● **Records to process**
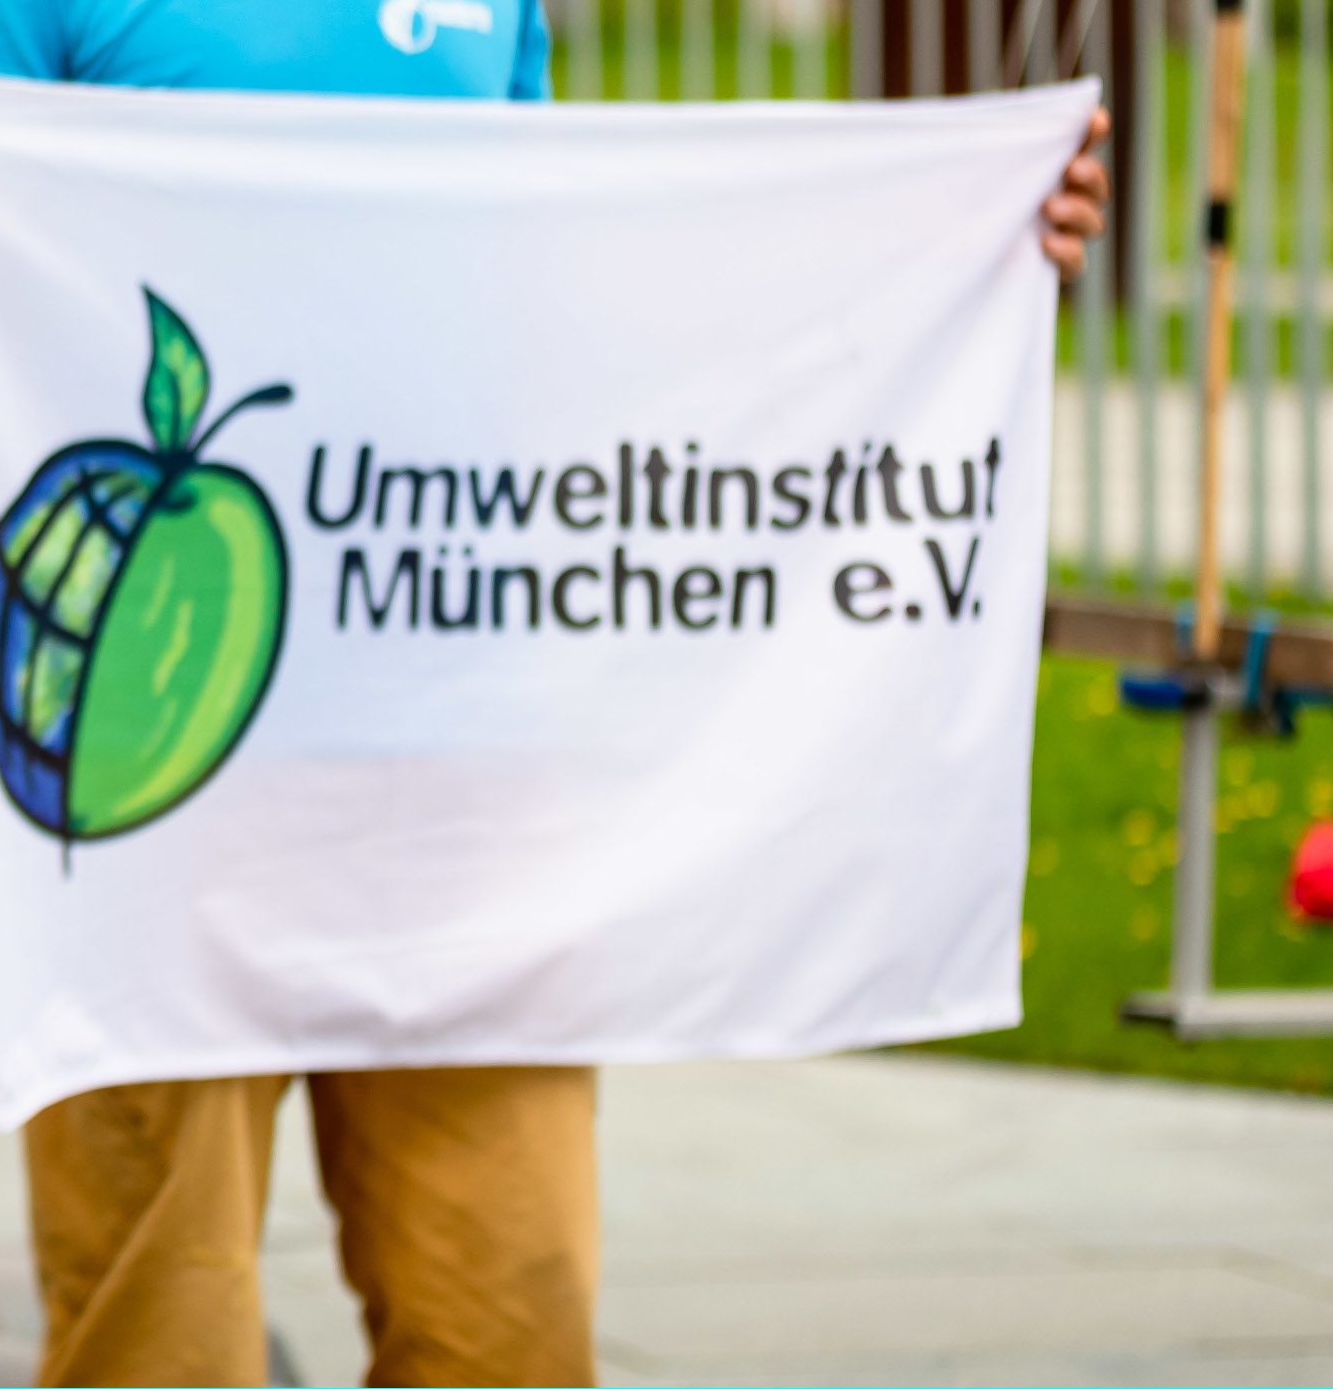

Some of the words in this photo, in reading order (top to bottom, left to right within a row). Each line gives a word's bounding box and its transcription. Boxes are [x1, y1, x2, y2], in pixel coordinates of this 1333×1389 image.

[304, 436, 1003, 532] Umweltinstitut
[336, 545, 778, 633] München
[831, 536, 983, 623] e.V.
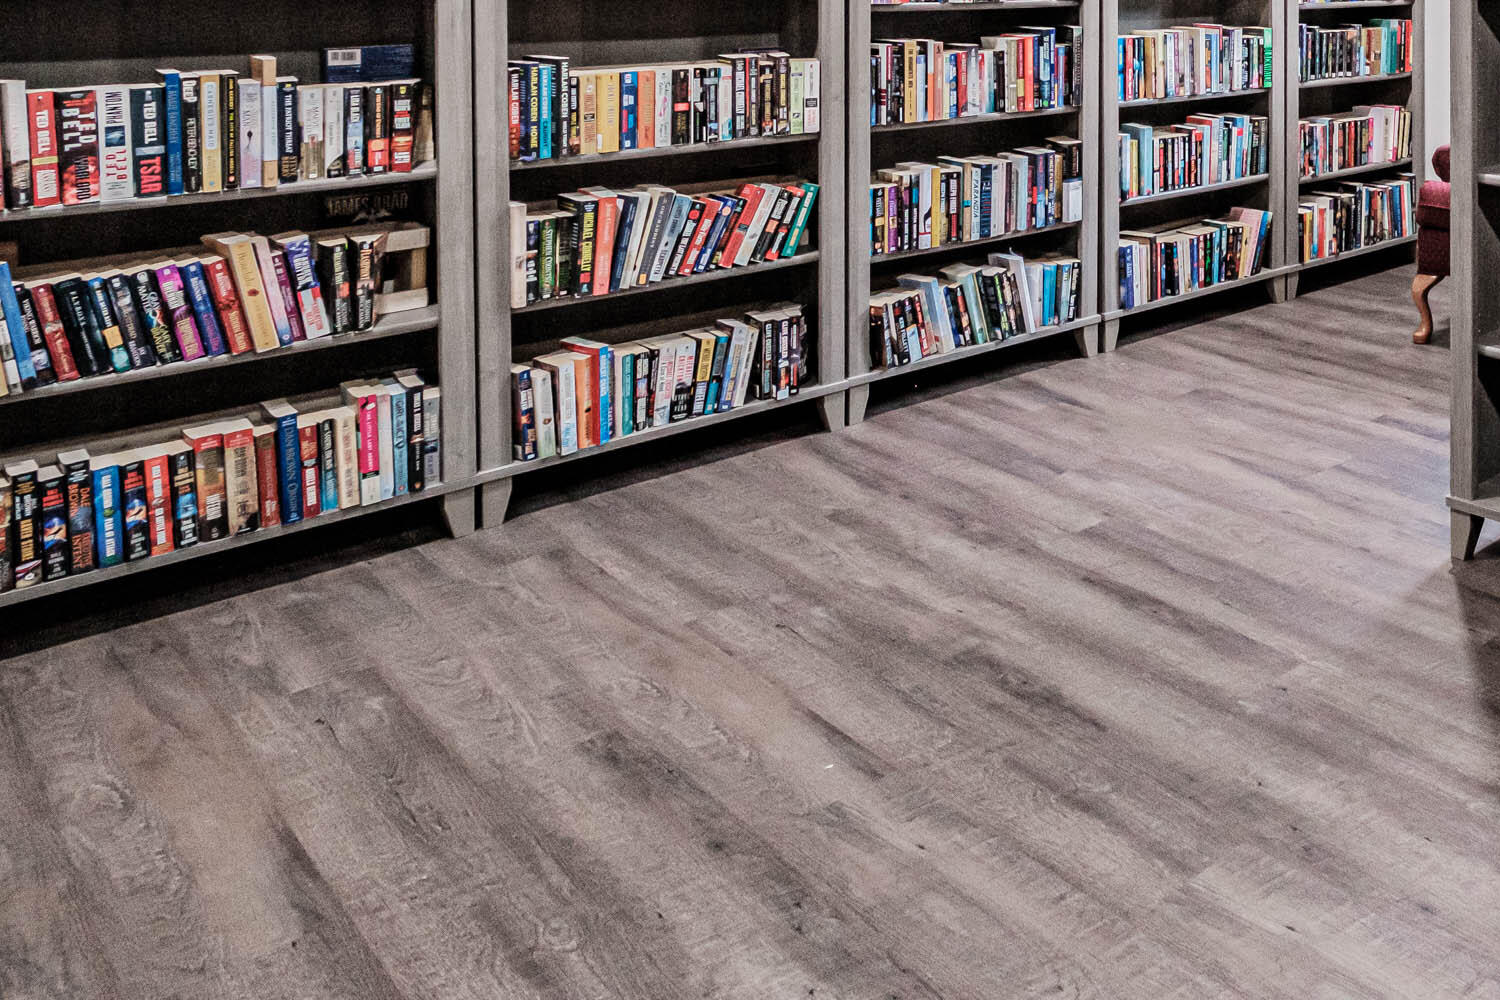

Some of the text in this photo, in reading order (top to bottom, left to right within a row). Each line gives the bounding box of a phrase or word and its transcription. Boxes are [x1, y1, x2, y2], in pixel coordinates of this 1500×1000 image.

[561, 62, 569, 91] HARLAN
[105, 91, 124, 124] PHANTOM
[511, 73, 519, 124] HARLAN COBEN
[35, 110, 51, 154] TED BELL
[62, 108, 81, 152] BELL
[79, 112, 96, 144] TED
[143, 102, 158, 144] TED BELL
[284, 106, 292, 131] PATRIOT
[186, 118, 197, 170] PETER BENCHLEY
[285, 132, 293, 153] THREAT
[74, 156, 91, 200] WARLORD
[106, 154, 116, 177] TED
[116, 149, 127, 180] BELL
[139, 156, 162, 194] TSAR
[545, 229, 554, 256] STEPHEN
[581, 212, 595, 271] MICHAEL CONNELLY
[360, 249, 371, 280] FLASHPOINT
[69, 291, 85, 325] FLYBOYS
[136, 285, 151, 314] MATTER
[160, 324, 171, 345] GARY
[284, 427, 297, 480] DAN BROWN
[68, 484, 81, 517] BROWN
[79, 487, 91, 507] DALE
[287, 483, 298, 511] ORIGIN
[71, 535, 83, 569] INTENT

● **Prompt**
With the pictures left out, return each entry exactly as written.

● **Exercise response**
Some of the words in this photo, in reading order (top to bottom, left to right within a row). Each line gives a word's bounding box and its transcription. Boxes are [x1, y1, x2, y2], in pixel coordinates of this 1333×1389 image.

[304, 436, 1003, 532] Umweltinstitut
[336, 545, 778, 633] München
[831, 536, 983, 623] e.V.

Some of the text in this photo, in reading order (top to bottom, left to right within a row). Each line gives the bounding box of a phrase or word and its transcription. Boxes are [x1, y1, x2, y2], in pixel coordinates of this 1500×1000 image.

[561, 62, 569, 91] HARLAN
[105, 91, 124, 124] PHANTOM
[511, 73, 519, 124] HARLAN COBEN
[35, 110, 51, 154] TED BELL
[62, 108, 81, 152] BELL
[79, 112, 96, 144] TED
[143, 102, 158, 144] TED BELL
[284, 106, 292, 131] PATRIOT
[186, 118, 197, 170] PETER BENCHLEY
[285, 132, 293, 153] THREAT
[74, 156, 91, 200] WARLORD
[106, 154, 116, 177] TED
[116, 149, 127, 180] BELL
[139, 156, 162, 194] TSAR
[545, 229, 554, 256] STEPHEN
[581, 212, 595, 271] MICHAEL CONNELLY
[360, 249, 371, 280] FLASHPOINT
[69, 291, 85, 325] FLYBOYS
[136, 285, 151, 314] MATTER
[160, 324, 171, 345] GARY
[284, 427, 297, 480] DAN BROWN
[68, 484, 81, 517] BROWN
[79, 487, 91, 507] DALE
[287, 483, 298, 511] ORIGIN
[71, 535, 83, 569] INTENT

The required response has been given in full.